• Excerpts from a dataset
>>>>
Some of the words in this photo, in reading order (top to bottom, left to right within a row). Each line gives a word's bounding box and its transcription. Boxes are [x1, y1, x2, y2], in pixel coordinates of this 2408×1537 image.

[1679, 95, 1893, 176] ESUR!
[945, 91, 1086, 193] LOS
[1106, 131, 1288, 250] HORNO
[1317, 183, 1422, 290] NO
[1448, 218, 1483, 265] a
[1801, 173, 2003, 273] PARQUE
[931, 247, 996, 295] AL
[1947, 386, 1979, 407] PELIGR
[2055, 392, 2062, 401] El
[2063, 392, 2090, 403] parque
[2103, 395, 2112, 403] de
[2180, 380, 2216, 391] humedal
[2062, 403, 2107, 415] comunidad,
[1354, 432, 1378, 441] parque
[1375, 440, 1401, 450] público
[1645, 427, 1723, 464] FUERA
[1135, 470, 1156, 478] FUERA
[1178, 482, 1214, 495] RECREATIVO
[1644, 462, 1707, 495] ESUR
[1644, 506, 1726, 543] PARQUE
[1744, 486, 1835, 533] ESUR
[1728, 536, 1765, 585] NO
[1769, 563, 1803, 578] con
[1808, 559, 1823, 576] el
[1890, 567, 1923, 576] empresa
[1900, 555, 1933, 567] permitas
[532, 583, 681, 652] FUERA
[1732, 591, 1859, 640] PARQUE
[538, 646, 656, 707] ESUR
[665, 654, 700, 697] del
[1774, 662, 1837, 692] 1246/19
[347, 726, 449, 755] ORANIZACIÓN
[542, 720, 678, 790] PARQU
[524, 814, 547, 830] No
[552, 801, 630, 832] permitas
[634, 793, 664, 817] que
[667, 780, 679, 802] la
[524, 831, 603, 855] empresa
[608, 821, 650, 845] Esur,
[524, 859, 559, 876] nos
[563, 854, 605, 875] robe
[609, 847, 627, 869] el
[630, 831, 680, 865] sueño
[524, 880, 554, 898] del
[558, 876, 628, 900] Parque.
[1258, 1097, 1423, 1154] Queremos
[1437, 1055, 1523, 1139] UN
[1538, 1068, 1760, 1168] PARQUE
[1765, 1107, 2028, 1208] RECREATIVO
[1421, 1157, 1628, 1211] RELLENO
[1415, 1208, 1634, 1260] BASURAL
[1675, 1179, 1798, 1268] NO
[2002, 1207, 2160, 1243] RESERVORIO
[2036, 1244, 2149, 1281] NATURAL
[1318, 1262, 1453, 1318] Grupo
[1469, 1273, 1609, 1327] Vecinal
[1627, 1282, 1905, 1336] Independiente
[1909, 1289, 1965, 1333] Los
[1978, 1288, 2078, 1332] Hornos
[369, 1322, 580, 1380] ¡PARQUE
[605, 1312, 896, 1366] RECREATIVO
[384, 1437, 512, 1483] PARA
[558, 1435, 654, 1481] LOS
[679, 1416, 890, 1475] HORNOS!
<<<<
Count how many lines in the data above hold "FUERA", and give that number by itself.

• Answer section
3